### DIRECTIONS
The entries must be retyped exactly, down to the last line.

### DATA PROVIDED
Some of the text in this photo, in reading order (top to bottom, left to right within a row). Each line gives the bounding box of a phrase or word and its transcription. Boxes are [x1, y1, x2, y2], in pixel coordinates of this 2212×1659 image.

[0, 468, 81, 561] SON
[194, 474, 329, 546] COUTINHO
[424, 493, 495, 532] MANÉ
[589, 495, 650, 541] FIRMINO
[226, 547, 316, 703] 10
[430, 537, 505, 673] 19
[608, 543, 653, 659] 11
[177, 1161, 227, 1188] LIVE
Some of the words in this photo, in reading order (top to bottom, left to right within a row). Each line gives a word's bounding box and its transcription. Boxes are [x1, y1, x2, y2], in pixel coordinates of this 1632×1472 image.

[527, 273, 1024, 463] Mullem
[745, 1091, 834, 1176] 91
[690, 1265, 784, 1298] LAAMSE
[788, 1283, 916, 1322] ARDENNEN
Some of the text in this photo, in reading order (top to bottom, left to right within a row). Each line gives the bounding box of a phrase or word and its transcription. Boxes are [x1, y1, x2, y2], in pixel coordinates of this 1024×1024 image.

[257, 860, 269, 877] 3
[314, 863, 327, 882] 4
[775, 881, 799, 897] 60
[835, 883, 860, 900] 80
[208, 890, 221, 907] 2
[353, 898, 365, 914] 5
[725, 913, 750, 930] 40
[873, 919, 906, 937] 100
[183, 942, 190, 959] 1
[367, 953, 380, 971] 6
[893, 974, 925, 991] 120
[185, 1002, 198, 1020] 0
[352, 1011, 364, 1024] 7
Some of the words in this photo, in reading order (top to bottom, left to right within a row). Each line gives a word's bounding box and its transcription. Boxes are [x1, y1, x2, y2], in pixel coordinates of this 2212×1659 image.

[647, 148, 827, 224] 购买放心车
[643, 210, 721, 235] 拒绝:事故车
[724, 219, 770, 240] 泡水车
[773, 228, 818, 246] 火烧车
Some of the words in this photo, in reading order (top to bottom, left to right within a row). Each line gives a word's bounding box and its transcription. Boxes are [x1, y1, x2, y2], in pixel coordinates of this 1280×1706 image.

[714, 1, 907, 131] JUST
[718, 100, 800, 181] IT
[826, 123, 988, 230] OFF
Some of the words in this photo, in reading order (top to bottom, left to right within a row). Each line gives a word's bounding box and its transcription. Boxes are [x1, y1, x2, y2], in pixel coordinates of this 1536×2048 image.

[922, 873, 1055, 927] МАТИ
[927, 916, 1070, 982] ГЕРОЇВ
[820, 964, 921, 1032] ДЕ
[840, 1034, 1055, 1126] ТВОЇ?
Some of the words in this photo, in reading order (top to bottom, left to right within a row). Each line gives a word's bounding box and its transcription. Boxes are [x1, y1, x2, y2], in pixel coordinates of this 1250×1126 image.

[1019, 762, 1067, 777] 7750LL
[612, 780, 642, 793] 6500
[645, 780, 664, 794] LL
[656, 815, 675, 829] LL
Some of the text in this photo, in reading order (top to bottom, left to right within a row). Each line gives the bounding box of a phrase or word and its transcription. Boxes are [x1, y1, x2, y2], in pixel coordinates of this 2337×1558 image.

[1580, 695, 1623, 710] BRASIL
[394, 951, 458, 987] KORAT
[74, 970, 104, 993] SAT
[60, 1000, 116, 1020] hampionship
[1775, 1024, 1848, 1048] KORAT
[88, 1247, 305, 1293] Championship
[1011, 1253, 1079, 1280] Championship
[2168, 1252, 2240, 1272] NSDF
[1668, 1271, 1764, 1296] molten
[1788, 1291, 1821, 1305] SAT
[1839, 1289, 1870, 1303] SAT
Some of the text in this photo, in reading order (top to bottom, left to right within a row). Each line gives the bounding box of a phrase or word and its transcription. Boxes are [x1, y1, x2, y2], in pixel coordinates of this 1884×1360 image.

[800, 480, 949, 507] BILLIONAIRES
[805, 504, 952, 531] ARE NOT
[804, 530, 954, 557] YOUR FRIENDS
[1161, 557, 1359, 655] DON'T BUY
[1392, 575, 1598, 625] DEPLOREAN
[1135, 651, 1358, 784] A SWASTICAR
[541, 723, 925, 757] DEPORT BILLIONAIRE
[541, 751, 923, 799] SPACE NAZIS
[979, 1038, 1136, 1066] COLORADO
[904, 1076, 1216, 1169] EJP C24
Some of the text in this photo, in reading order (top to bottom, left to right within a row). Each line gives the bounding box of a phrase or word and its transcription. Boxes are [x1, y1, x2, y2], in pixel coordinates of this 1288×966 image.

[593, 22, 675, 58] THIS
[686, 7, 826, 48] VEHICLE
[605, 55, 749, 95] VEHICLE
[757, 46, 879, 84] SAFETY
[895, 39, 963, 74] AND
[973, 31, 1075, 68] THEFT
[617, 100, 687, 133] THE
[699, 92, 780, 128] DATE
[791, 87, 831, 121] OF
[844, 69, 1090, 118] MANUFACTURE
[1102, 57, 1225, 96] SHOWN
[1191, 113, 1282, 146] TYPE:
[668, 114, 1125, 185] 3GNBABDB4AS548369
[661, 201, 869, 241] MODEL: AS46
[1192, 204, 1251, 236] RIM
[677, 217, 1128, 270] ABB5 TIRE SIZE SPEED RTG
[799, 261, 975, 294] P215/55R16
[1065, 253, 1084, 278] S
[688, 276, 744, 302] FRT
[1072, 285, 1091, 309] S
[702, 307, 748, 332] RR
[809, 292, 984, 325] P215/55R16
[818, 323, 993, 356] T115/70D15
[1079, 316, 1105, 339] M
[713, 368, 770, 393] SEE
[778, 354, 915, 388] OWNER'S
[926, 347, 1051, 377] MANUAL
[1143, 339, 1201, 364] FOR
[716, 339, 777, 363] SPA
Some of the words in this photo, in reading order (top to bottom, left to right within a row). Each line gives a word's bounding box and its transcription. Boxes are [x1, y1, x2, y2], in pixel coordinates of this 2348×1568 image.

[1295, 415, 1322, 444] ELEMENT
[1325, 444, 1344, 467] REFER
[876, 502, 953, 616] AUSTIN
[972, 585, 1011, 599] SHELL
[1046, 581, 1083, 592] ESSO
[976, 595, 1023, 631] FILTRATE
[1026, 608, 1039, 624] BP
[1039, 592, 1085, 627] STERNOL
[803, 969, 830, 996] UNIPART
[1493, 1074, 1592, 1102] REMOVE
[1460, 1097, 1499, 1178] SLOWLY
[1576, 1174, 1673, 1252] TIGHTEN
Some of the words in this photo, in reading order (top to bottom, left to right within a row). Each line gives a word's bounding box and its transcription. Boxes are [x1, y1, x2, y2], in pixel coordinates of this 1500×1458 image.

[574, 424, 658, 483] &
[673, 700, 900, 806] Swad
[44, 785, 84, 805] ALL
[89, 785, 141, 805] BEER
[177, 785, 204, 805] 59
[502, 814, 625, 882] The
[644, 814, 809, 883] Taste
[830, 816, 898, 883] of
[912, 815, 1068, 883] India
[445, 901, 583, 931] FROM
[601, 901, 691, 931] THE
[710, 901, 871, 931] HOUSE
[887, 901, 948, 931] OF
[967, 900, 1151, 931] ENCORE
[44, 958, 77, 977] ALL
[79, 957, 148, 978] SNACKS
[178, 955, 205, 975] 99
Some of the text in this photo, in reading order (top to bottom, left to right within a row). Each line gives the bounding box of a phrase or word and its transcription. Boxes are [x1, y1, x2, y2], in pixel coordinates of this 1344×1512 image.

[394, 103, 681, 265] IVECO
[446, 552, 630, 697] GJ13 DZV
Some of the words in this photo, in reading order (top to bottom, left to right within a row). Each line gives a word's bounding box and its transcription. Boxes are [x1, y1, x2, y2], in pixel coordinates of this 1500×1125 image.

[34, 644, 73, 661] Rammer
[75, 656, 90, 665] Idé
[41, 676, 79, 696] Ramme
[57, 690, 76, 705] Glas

### SOLUTION FOR THIS PROBLEM
Some of the text in this photo, in reading order (top to bottom, left to right within a row). Each line gives the bounding box of a phrase or word and its transcription. Boxes are [x1, y1, x2, y2], in pixel coordinates of this 2212×1659 image.

[0, 468, 81, 561] SON
[194, 474, 329, 546] COUTINHO
[424, 493, 495, 532] MANÉ
[589, 495, 650, 541] FIRMINO
[226, 547, 316, 703] 10
[430, 537, 505, 673] 19
[608, 543, 653, 659] 11
[177, 1161, 227, 1188] LIVE
Some of the words in this photo, in reading order (top to bottom, left to right within a row). Each line gives a word's bounding box and its transcription. Boxes are [x1, y1, x2, y2], in pixel coordinates of this 1632×1472 image.

[527, 273, 1024, 463] Mullem
[745, 1091, 834, 1176] 91
[690, 1265, 784, 1298] LAAMSE
[788, 1283, 916, 1322] ARDENNEN
Some of the text in this photo, in reading order (top to bottom, left to right within a row). Each line gives the bounding box of a phrase or word and its transcription. Boxes are [x1, y1, x2, y2], in pixel coordinates of this 1024×1024 image.

[257, 860, 269, 877] 3
[314, 863, 327, 882] 4
[775, 881, 799, 897] 60
[835, 883, 860, 900] 80
[208, 890, 221, 907] 2
[353, 898, 365, 914] 5
[725, 913, 750, 930] 40
[873, 919, 906, 937] 100
[183, 942, 190, 959] 1
[367, 953, 380, 971] 6
[893, 974, 925, 991] 120
[185, 1002, 198, 1020] 0
[352, 1011, 364, 1024] 7
Some of the words in this photo, in reading order (top to bottom, left to right within a row). Each line gives a word's bounding box and its transcription. Boxes are [x1, y1, x2, y2], in pixel coordinates of this 2212×1659 image.

[647, 148, 827, 224] 购买放心车
[643, 210, 721, 235] 拒绝:事故车
[724, 219, 770, 240] 泡水车
[773, 228, 818, 246] 火烧车
Some of the words in this photo, in reading order (top to bottom, left to right within a row). Each line gives a word's bounding box and its transcription. Boxes are [x1, y1, x2, y2], in pixel coordinates of this 1280×1706 image.

[714, 1, 907, 131] JUST
[718, 100, 800, 181] IT
[826, 123, 988, 230] OFF
Some of the words in this photo, in reading order (top to bottom, left to right within a row). Each line gives a word's bounding box and its transcription. Boxes are [x1, y1, x2, y2], in pixel coordinates of this 1536×2048 image.

[922, 873, 1055, 927] МАТИ
[927, 916, 1070, 982] ГЕРОЇВ
[820, 964, 921, 1032] ДЕ
[840, 1034, 1055, 1126] ТВОЇ?
Some of the words in this photo, in reading order (top to bottom, left to right within a row). Each line gives a word's bounding box and its transcription. Boxes are [x1, y1, x2, y2], in pixel coordinates of this 1250×1126 image.

[1019, 762, 1067, 777] 7750LL
[612, 780, 642, 793] 6500
[645, 780, 664, 794] LL
[656, 815, 675, 829] LL
Some of the text in this photo, in reading order (top to bottom, left to right within a row). Each line gives the bounding box of a phrase or word and its transcription. Boxes are [x1, y1, x2, y2], in pixel coordinates of this 2337×1558 image.

[1580, 695, 1623, 710] BRASIL
[394, 951, 458, 987] KORAT
[74, 970, 104, 993] SAT
[60, 1000, 116, 1020] hampionship
[1775, 1024, 1848, 1048] KORAT
[88, 1247, 305, 1293] Championship
[1011, 1253, 1079, 1280] Championship
[2168, 1252, 2240, 1272] NSDF
[1668, 1271, 1764, 1296] molten
[1788, 1291, 1821, 1305] SAT
[1839, 1289, 1870, 1303] SAT
Some of the text in this photo, in reading order (top to bottom, left to right within a row). Each line gives the bounding box of a phrase or word and its transcription. Boxes are [x1, y1, x2, y2], in pixel coordinates of this 1884×1360 image.

[800, 480, 949, 507] BILLIONAIRES
[805, 504, 952, 531] ARE NOT
[804, 530, 954, 557] YOUR FRIENDS
[1161, 557, 1359, 655] DON'T BUY
[1392, 575, 1598, 625] DEPLOREAN
[1135, 651, 1358, 784] A SWASTICAR
[541, 723, 925, 757] DEPORT BILLIONAIRE
[541, 751, 923, 799] SPACE NAZIS
[979, 1038, 1136, 1066] COLORADO
[904, 1076, 1216, 1169] EJP C24
Some of the text in this photo, in reading order (top to bottom, left to right within a row). Each line gives the bounding box of a phrase or word and its transcription. Boxes are [x1, y1, x2, y2], in pixel coordinates of this 1288×966 image.

[593, 22, 675, 58] THIS
[686, 7, 826, 48] VEHICLE
[605, 55, 749, 95] VEHICLE
[757, 46, 879, 84] SAFETY
[895, 39, 963, 74] AND
[973, 31, 1075, 68] THEFT
[617, 100, 687, 133] THE
[699, 92, 780, 128] DATE
[791, 87, 831, 121] OF
[844, 69, 1090, 118] MANUFACTURE
[1102, 57, 1225, 96] SHOWN
[1191, 113, 1282, 146] TYPE:
[668, 114, 1125, 185] 3GNBABDB4AS548369
[661, 201, 869, 241] MODEL: AS46
[1192, 204, 1251, 236] RIM
[677, 217, 1128, 270] ABB5 TIRE SIZE SPEED RTG
[799, 261, 975, 294] P215/55R16
[1065, 253, 1084, 278] S
[688, 276, 744, 302] FRT
[1072, 285, 1091, 309] S
[702, 307, 748, 332] RR
[809, 292, 984, 325] P215/55R16
[818, 323, 993, 356] T115/70D15
[1079, 316, 1105, 339] M
[713, 368, 770, 393] SEE
[778, 354, 915, 388] OWNER'S
[926, 347, 1051, 377] MANUAL
[1143, 339, 1201, 364] FOR
[716, 339, 777, 363] SPA
Some of the words in this photo, in reading order (top to bottom, left to right within a row). Each line gives a word's bounding box and its transcription. Boxes are [x1, y1, x2, y2], in pixel coordinates of this 2348×1568 image.

[1295, 415, 1322, 444] ELEMENT
[1325, 444, 1344, 467] REFER
[876, 502, 953, 616] AUSTIN
[972, 585, 1011, 599] SHELL
[1046, 581, 1083, 592] ESSO
[976, 595, 1023, 631] FILTRATE
[1026, 608, 1039, 624] BP
[1039, 592, 1085, 627] STERNOL
[803, 969, 830, 996] UNIPART
[1493, 1074, 1592, 1102] REMOVE
[1460, 1097, 1499, 1178] SLOWLY
[1576, 1174, 1673, 1252] TIGHTEN
Some of the words in this photo, in reading order (top to bottom, left to right within a row). Each line gives a word's bounding box and its transcription. Boxes are [x1, y1, x2, y2], in pixel coordinates of this 1500×1458 image.

[574, 424, 658, 483] &
[673, 700, 900, 806] Swad
[44, 785, 84, 805] ALL
[89, 785, 141, 805] BEER
[177, 785, 204, 805] 59
[502, 814, 625, 882] The
[644, 814, 809, 883] Taste
[830, 816, 898, 883] of
[912, 815, 1068, 883] India
[445, 901, 583, 931] FROM
[601, 901, 691, 931] THE
[710, 901, 871, 931] HOUSE
[887, 901, 948, 931] OF
[967, 900, 1151, 931] ENCORE
[44, 958, 77, 977] ALL
[79, 957, 148, 978] SNACKS
[178, 955, 205, 975] 99
Some of the text in this photo, in reading order (top to bottom, left to right within a row). Each line gives the bounding box of a phrase or word and its transcription. Boxes are [x1, y1, x2, y2], in pixel coordinates of this 1344×1512 image.

[394, 103, 681, 265] IVECO
[446, 552, 630, 697] GJ13 DZV
Some of the words in this photo, in reading order (top to bottom, left to right within a row). Each line gives a word's bounding box and its transcription. Boxes are [x1, y1, x2, y2], in pixel coordinates of this 1500×1125 image.

[34, 644, 73, 661] Rammer
[75, 656, 90, 665] Idé
[41, 676, 79, 696] Ramme
[57, 690, 76, 705] Glas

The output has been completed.